This will inevitably strike some readers as ‘positivist,’ ‘scientistic,’ or ‘reductive,’ terms that have become scarce more than dismissive pejoratives in certain philosophical circles, an excuse to avoid engaging what science has to say regarding their domain–the human. BBT, in other words, is bound to strike certain readers as chauvinistic, even imperial. But, if anything, BBT is bent upon dispelling views grounded in parochial sources of information–chauvinism. In fact, it is transcendental interpretation that restricts itself to nonscientific sources of information under the blanket assumption of metacognitive sufficiency, the faith that enough information of the right kind is available for actual cognition. Transcendental interpretation, in other words, remains wedded to what Kant called ‘tutelary natures.’ BBT, however, is under no such constraint; it considers both metacognitive and scientific information, understanding that the latter, on pain of supernaturalism, simply has to provide the baseline for reliable theoretical cognition (whatever that ultimately turns out to be). Thus the strange amalgam of scientific and philosophical concepts found here.
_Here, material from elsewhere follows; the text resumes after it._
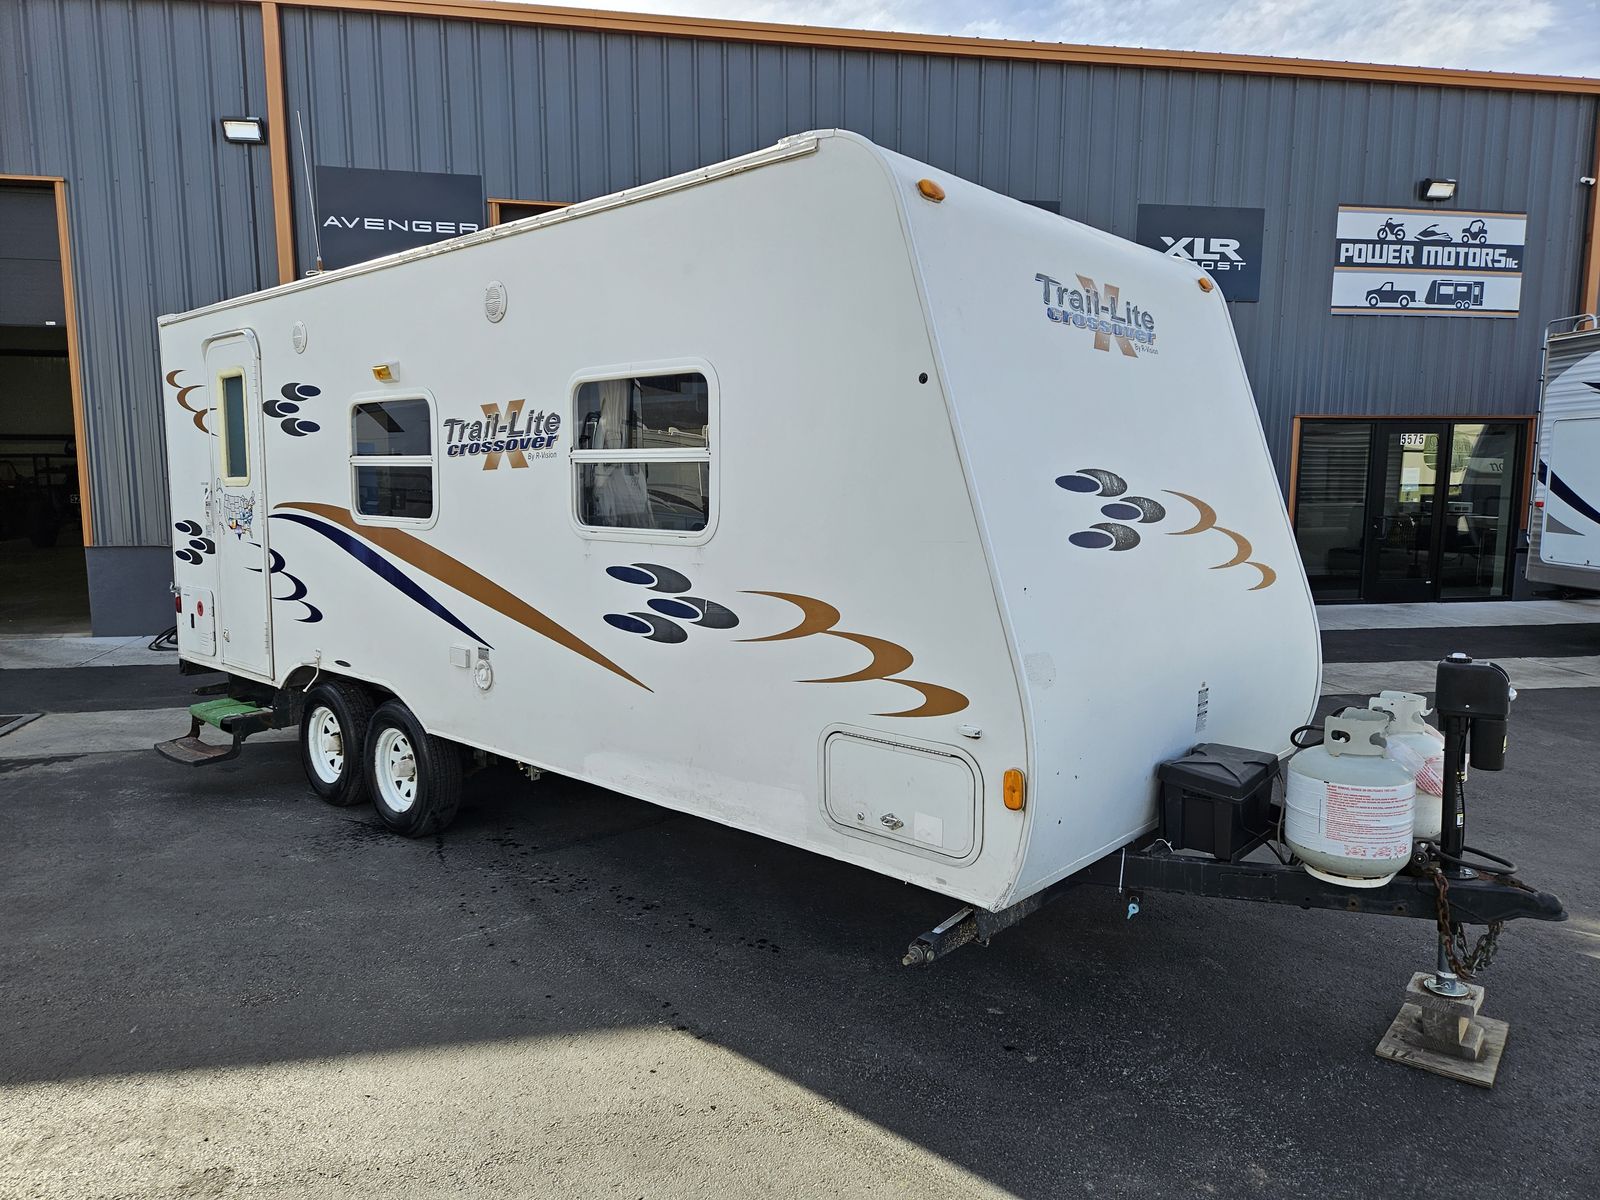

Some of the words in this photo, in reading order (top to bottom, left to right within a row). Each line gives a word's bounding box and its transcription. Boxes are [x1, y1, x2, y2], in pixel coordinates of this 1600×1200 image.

If reliable theoretical cognition requires information of the right kind and amount, then it behooves the philosopher, deconstructive or transcendental, to take account of the information their intentional rationales rely upon. If that information is primarily traditional and metacognitive–prescientific–then that philosopher needs some kind of sufficiency argument, some principled way of warranting the exclusion of scientific information. And this, I fear, has become all but impossible to do. If the sufficiency argument provided is speculative–that is, if it also relies on traditional claims and metacognitive intuitions–then it simply begs the question. If, on the other hand, it marshals information from the sciences, then it simply acknowledges the very insufficiency it is attempting to fend.

The epoch of intentional philosophy is at an end. It will deny and declaim–it can do nothing else–but to little effect. Like all prescientific domains of discourse it can only linger and watch its credibility evaporate into New Age aether as the sciences of the brain accumulate ever more information and refine ever more instrumentally powerful interpretations of that information. It’s hard to argue against cures. Any explanatory paradigm that restores sight to the blind, returns mobility to the crippled, not to mention facilitates the compliance of the masses, will utterly dominate the commanding heights of cognition.
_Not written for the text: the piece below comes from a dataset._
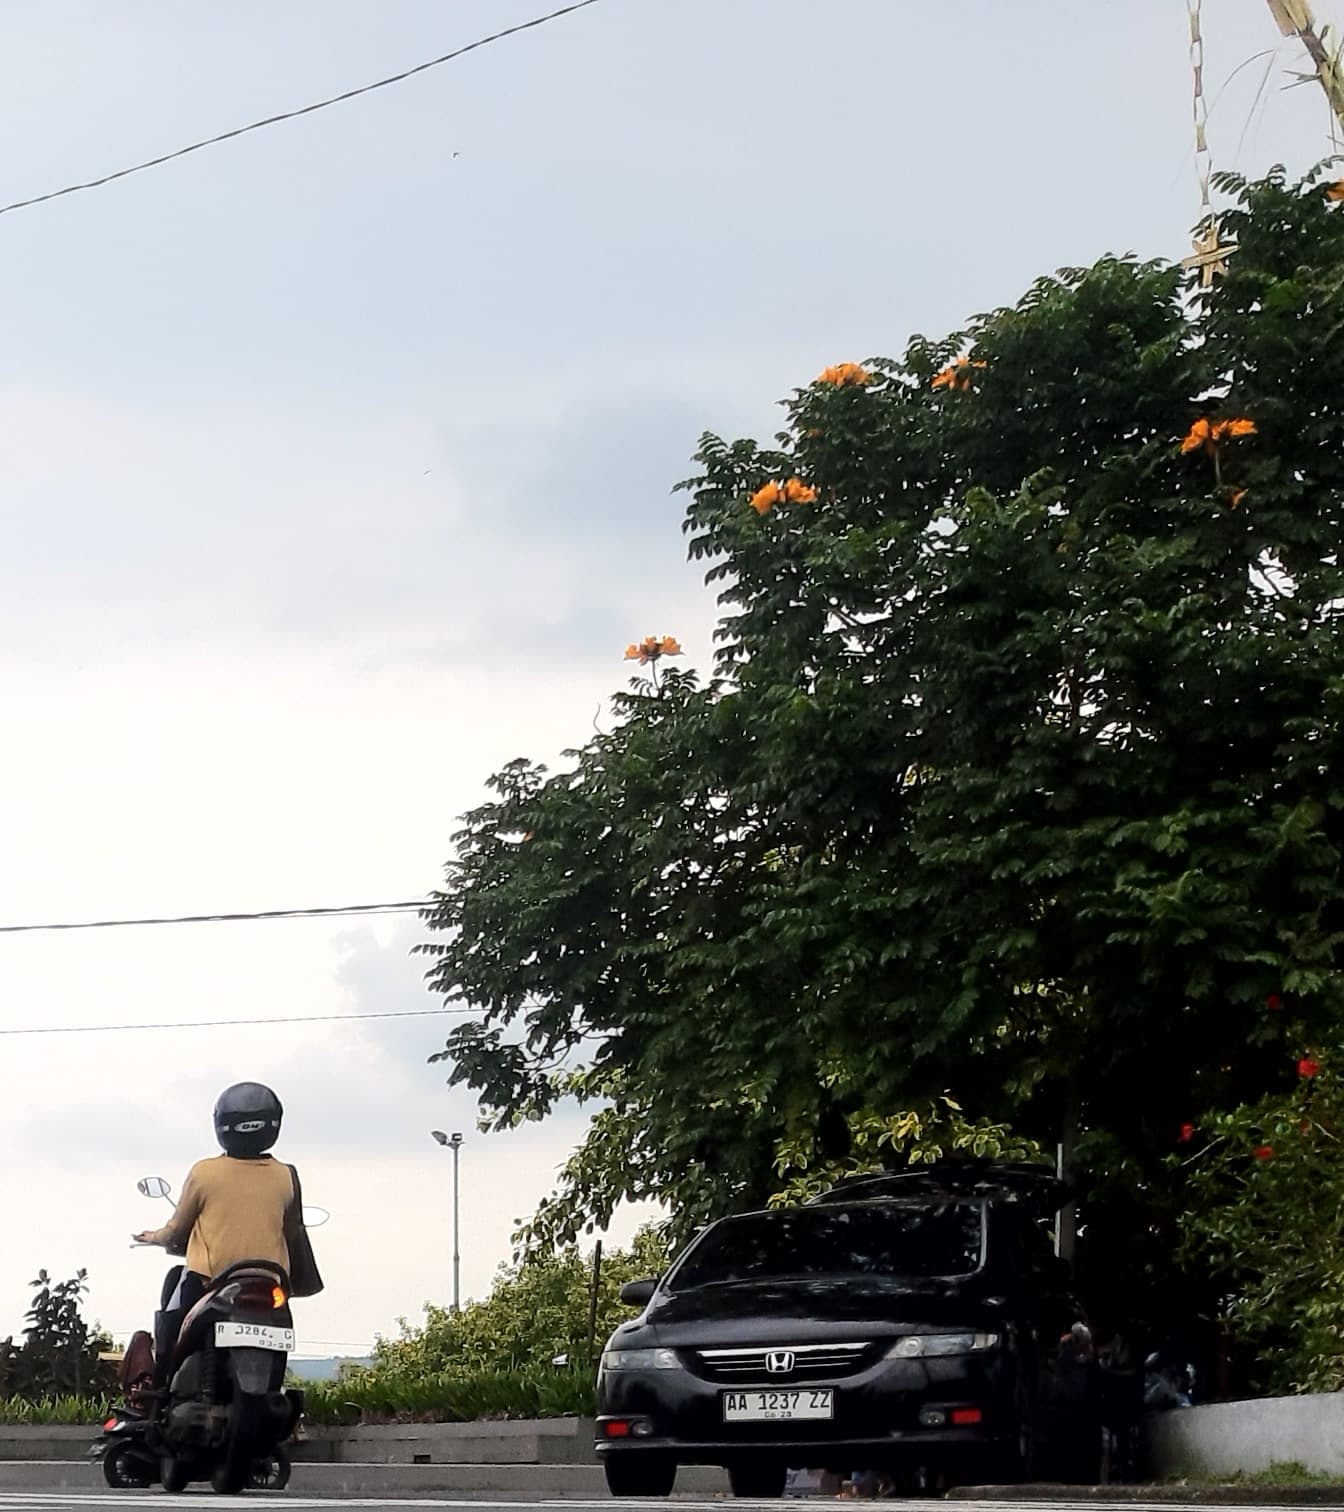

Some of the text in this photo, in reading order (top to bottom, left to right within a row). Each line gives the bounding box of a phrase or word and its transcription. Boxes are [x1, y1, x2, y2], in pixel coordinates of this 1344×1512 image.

[727, 1390, 830, 1410] AA 1237 ZZ
Far more than mere theoretical relevance is at stake here.

On BBT, all traditional and metacognitive accounts of the human are the product of extreme informatic poverty. Ironically enough, many have sought intentional asylum within that poverty in the form of apriori or pragmatic formalisms, confusing the lack of information for the lack of substantial commitment, and thus for immunity against whatever the sciences of the brain may have to say. But this just amounts to a different way of taking refuge in obscurity. What are ‘rules’? What are ‘inferences’? Unable to imagine how science could answer these questions, they presume either that science will never be able to answer them, or that it will answer them in a manner friendly to their metacognitive intuitions. Taking the history of science as its cue, BBT entertains no such hopes. It sees these arguments for what they happen to be: attempts to secure the sufficiency of low-dimensional, metacognitive information, to find gospel in a peephole glimpse.

The same might be said of deconstruction. Despite their purported radicality, trace and differance likewise belong to a low-dimensional conceptual apparatus stemming from a noocentric account of intentional sufficiency. ‘Mystic writing pad’ or no, Derrida remains a philosopher of experience as opposed to nature. As David Roden has noted, “while Derrida’s work deflates the epistemic primacy of the ‘first person,’ it exhibits a concern with the continuity of philosophical concepts that is quite foreign to the spirit of contemporary naturalism” (“The Subject”). The ‘advantage’ deconstruction enjoys, if it can be called such, lies in its relentless demonstration of the insufficiency plaguing all attempts to master meaning, including its own. But as we have seen above, it can only do such from the fringes of meaning, as a ‘quasi-transcendentally’ informed procedure of reading. Derrida is, strangely enough, like Hume in this regard, only one forewarned of the transcendental apologetics of Kant.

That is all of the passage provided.